Quand il fut certain qu’ils étaient seuls, Ron s’assit dans un coin et fixa un moment Hermione sans vraiment la voir, les yeux dans le vague. La jeune fille, gênée, observait avec un intérêt feint les dizaines de chouettes qui somnolaient sur leurs perchoirs, indifférentes aux courants d’air. Elle aperçut Hedwige, tout en haut, occupée à lustrer ses plumes immaculées. Le silence s’étira un moment, inconfortable. Finalement, Ron s’ébroua, comme au sortir d’un rêve particulièrement prenant, et Hermione tressaillit.

- Je voulais m’excuser, commença-t-il en s’éclaircissant la gorge.

- Non, Ron, c’est moi qui…

- Laisse-moi finir, s’il-te-plaît, dit Ron d’une voix tendue.

Hermione baissa les yeux et se tut.

- Je sais que je n’ai pas été à la hauteur de ce que tu attendais de moi. Mais à bien y réfléchir, je n’ai jamais vraiment été sûr de ce que tu voulais, alors… Tu sais que je suis comme ça, plutôt maladroit, et tout, mais… Enfin tu me connais, après tout ! Tu sais combien je peux être pathétique à mes heures…

Hermione ne put s’empêcher de sourire, attendrie par ce mea culpa brouillon. Ron sourit à son tour, gêné.

- Ouais… Enfin, bref, ce que je voulais te dire aujourd’hui, c’est que…

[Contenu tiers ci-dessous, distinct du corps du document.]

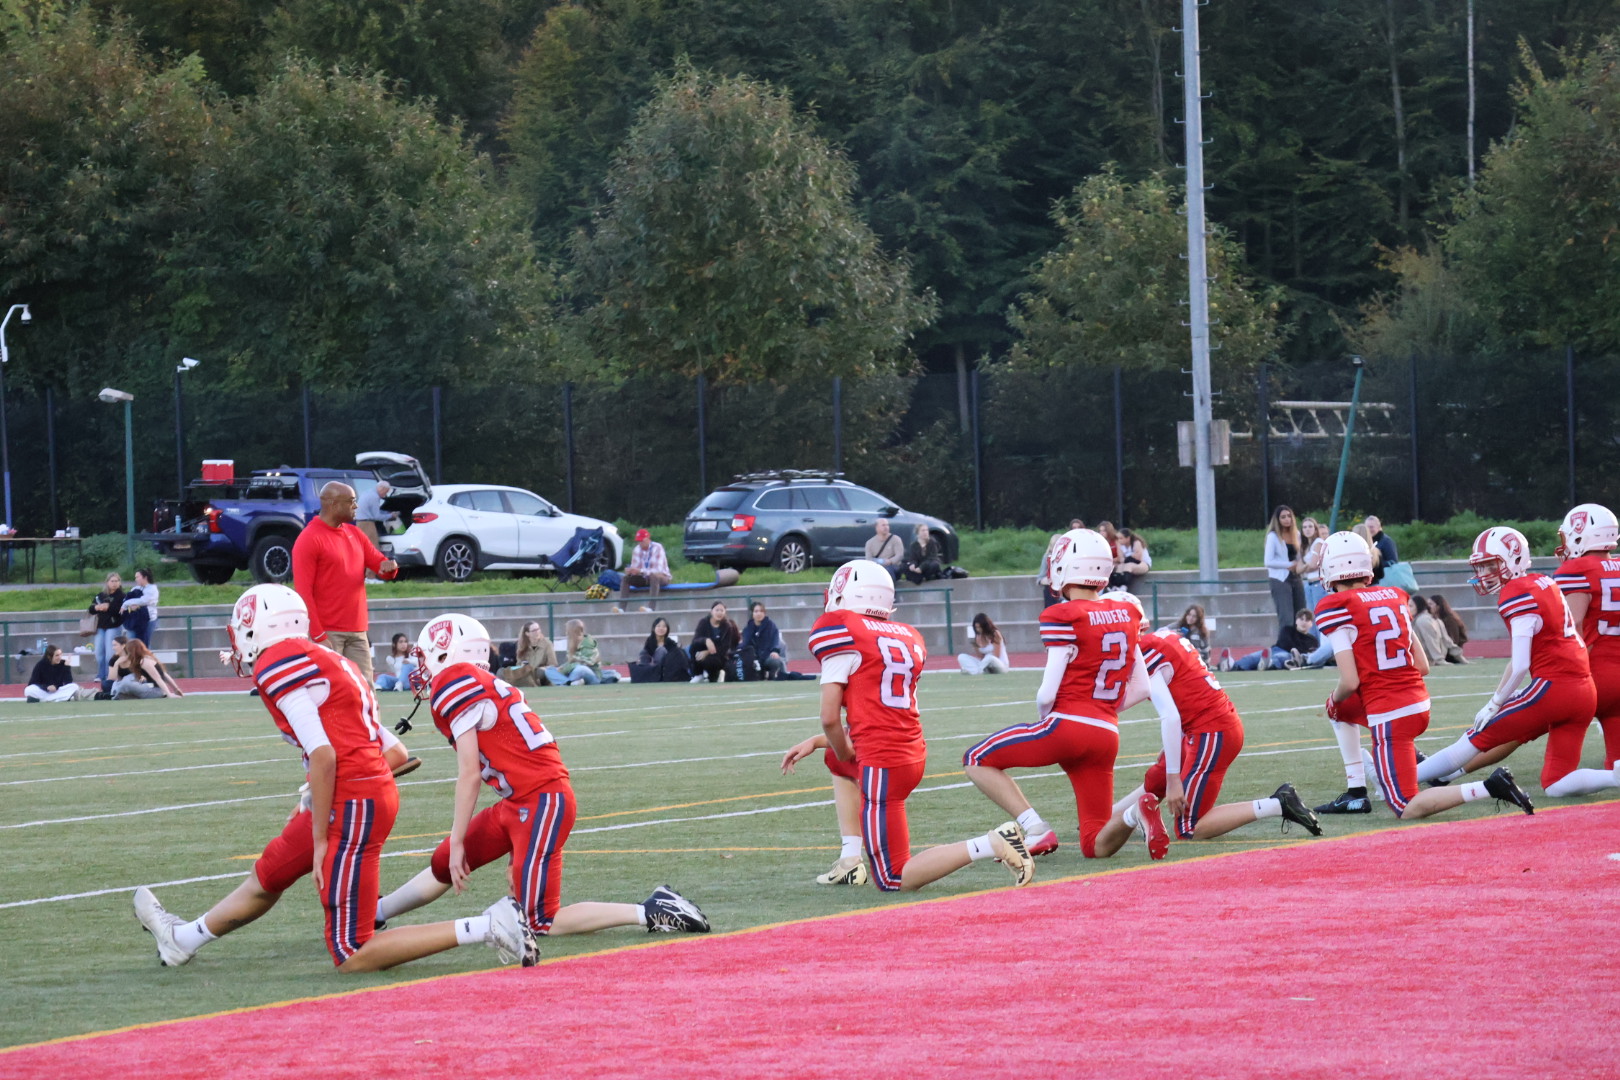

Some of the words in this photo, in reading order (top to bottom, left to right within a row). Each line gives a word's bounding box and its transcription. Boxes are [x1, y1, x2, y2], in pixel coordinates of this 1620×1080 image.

[1356, 589, 1399, 603] RAIDERS
[862, 618, 913, 638] RAIDERS
[1087, 608, 1131, 626] RAIDERS
[1368, 605, 1415, 671] 21
[1092, 630, 1128, 700] 2
[998, 827, 1030, 860] NIKE

Ron marqua une pause, et Hermione frissonna à l’idée de ce qu’il allait dire.

- …je suis ton ami, finit-il par décréter. Et je le resterais toute ma vie, tant que tu voudras de moi, d’accord ? Et peu importe que tu sortes avec ce…

Ron baragouina quelque chose entre ses dents qu’Hermione fut heureuse de ne pas entendre, avant de reprendre d’une voix audible :

- Avec… Malefoy, donc. Peu importe, répéta Ron en agitant la main comme pour balayer son rival de la conversation. Je veux aussi que tu comprennes que, si je t’ai blessée, ça n’était vraiment pas mon intention, ok ?

- Je sais, murmura Hermione, les larmes aux yeux.

- Ok. Donc… On est… Réconciliés ?, s’enquit-il d’un air incertain.

Mais Hermione sourit largement, et c’était sans doute la plus belle chose que Ron ait vu depuis des semaines.

- On n’a jamais vraiment été fâchés, si ?, ironisa-t-elle avec des tremolos dans la voix.

Ron sourit à son tour, se leva et s’approcha d’elle en lui tendant la main. Son regard était clair et franc.

- Amis ?

Hermione serra sa main tendue avec un soulagement évident.

- Amis.

Elle semblait prête à pleurer, à présent.

- Allez viens là, Miss-je-sais-tout, dit-il d’un ton bourru en l’attirant à lui.

Ils restèrent là un moment, dans les bras l’un de l’autre, à osciller doucement d’un pied sur l’autre.

C’était comme si rien ne s’était passé. Comme avant. Et pourtant… Quelque chose d’infime était brisé, quelque chose avait changé. C’était dans l’air, presque imperceptible… Mais la cassure était là.

Tout est différent…, pensa Hermione avec une pointe d’amertume.

Le fait est que Ron et elle avaient grandi. Leur relation, si amicale soit elle, n’était déjà plus vraiment la même. La façon dont il la serrait contre lui, cette discussion sérieuse et sans détours qu’ils venaient d’avoir… Rien de tout ceci ne serait arrivé, avant. Les choses devaient-elles forcément changer ?

C’est à cela que pensait Hermione tandis qu’elle se laissait bercer par les battements réguliers du cœur de Ron, occupé lui aussi à démêler les sentiments contradictoires qui s’insinuaient en lui.

Dehors, la neige tombait à gros flocons.